Simulation
Forming processes
Identify faults before they occur
Our simulations rely on more than 20 years’ experience in terms of simulation and method planning. Thanks to our simulations, we can see “into the future”, i.e. even before actually building the tool, and recognise via the simulation how the tool will behave later in the forming process.
Problems are identified and rectified in advance, thereby also increasing the technical maturity of the component, and safeguarding the method as a whole.
Thanks to the FEM pre-processors and solvers we use, we are able to cover all types of simulations. This is not just restricted to “normal sheet metal forming”, but extends to other areas, such as strength and deflection calculations.
Technologies used
- AutoForm (with Autoform Incremental Solver)
- Altair Hypermesh as a pre-processor in conjunction with the FEM solvers LSDYNA or RADIOSS
Shell or solid elements
In our simulations, we use two different element types depending on the application. In simulations where a uniform sheet thickness is required for the component, a shell element is used in most cases.
If various sheet thicknesses are specified for the component, or if high degrees of forming exist as a result of the process, then the simulation is generated with solid elements. This also allows, for example, the multi-stage forming of rim holes to be reliably simulated.
Springback calculation / bounce behaviour
We calculate the theoretical bounce behaviour, and work out compensation proposals with the client, which we then implement in the appropriate effective area.
Hot forming / press-hardening
In addition to traditional cold forming, we also have experience in the field of simulating hotforming processes.
Hot forming involves a heated plate being formed in a cooled press, and then hardened during a subsequent cooling period.
The simulation allows the final component hardness to be calculated, as well as the detection of cracks and wrinkles. Another variant is to heat up a cold-formed component, which is then placed in a cooled tool. In this case, the component hardness after the cooling period – as provided by the simulation – is of particular significance.
With both simulation methods, areas are identified which experience little contact pressure (e.g. vertical component walls). We can focus on these and work to counteract this phenomenon in the design of the effective areas.
CFD cooling simulation
When designing hot forming tools, the designer determines cooling bores to the best of his knowledge. The justified questions often arise: is the cooling bore design so optimal? Is the volume flow the same in all cooling bores? Are there hotspots in the tool that prevent uniform cooling/hardening of the workpiece?
We can provide an answer to these questions even before your tools are manufactured.
If the problems do not arise until the finished tool has been tested, it is almost impossible to change the cooling holes later due to the hardening of the tools. A change can usually only be solved by manufacturing a new tool. We will check your finished design and make suggestions for optimisation if required.

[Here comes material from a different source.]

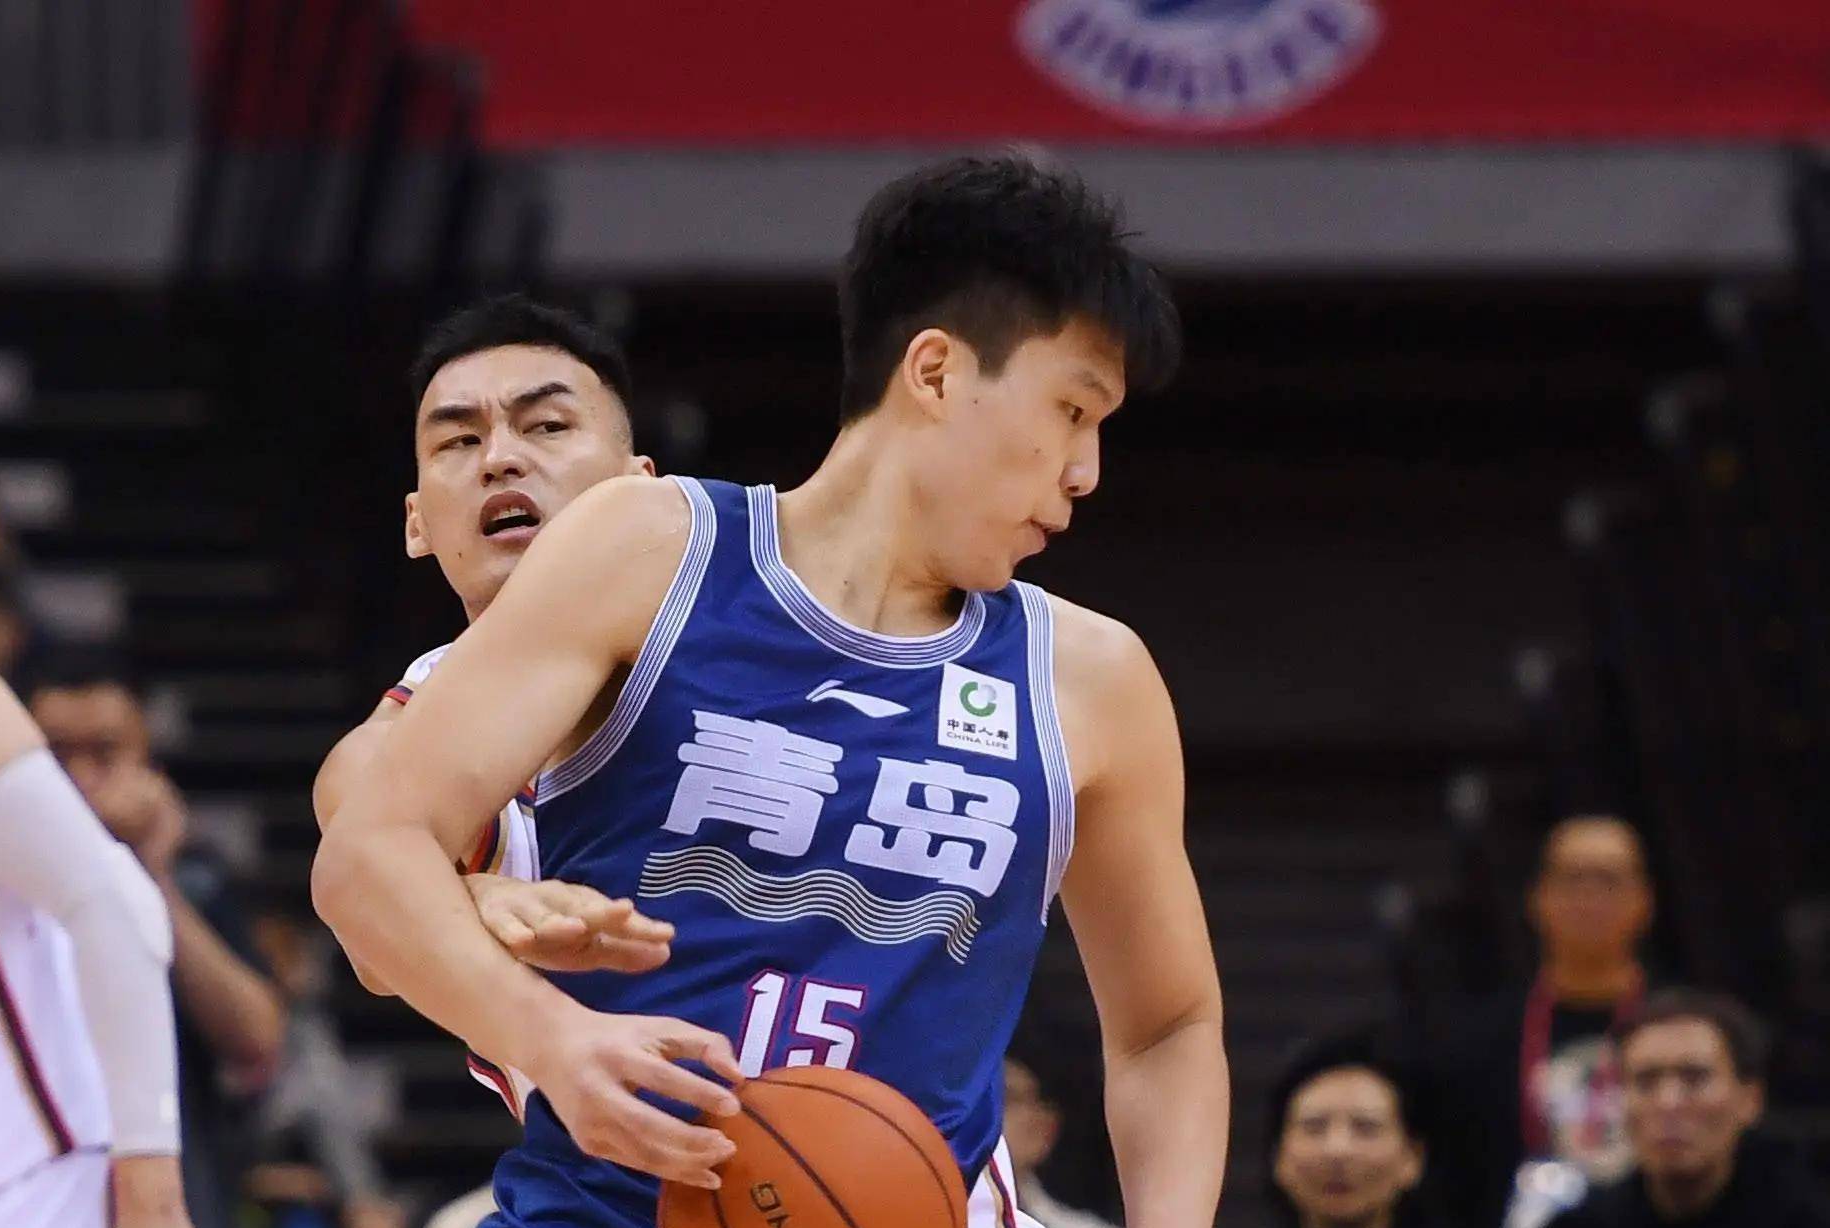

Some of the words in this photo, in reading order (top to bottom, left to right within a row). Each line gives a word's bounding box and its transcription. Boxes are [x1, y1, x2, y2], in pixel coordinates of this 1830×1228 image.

Deflection calculation / strength calculation
The tools are subjected to large forming forces during the production process. Is the design of the tool cast correct, and will it bear the strain? What levels of deflection should I reckon with? We calculate the deflection and strength of your tools and highlight your points of failure.
Deflections during transfer
How does the moulding or the strip behave in the subsequent tool when transferred to the next tool stage? Is the moulding stiff enough to be transported without issue?
We can answer this question via our simulation. We can examine your moulding or strip, and analyse the transfer behaviour. As required, we can also, for example, optimise them by stiffening. In this way, you can avoid surprises when trialling tools, and reduce the running-in period for them.
DOE – Robustness analysis
Through our systems, we can also evaluate fluctuations of the input parameters in the production process.
A few parameters are given here by way of example:
- Sheet metal thickness fluctuations
- Differences in the strength in the sheet metal processed
- Friction caused by uneven oiling
Following the analysis, we can provide an evaluation of the robustness of the production process, and also a weighting of the individual parameters that affect the process.
Hydroforming
Through our systems, we can also evaluate fluctuations of the input parameters in the production process.
Hydroforming
During hydroforming, the component achieves the correct form by means of internal pressure.
External high-pressure forming (hydro mechanical deep-drawing)
A second procedure is external high-pressure forming, whereby the pressure is applied to the outer area of the sheet metal.
Both procedures can be demonstrated using the simulation.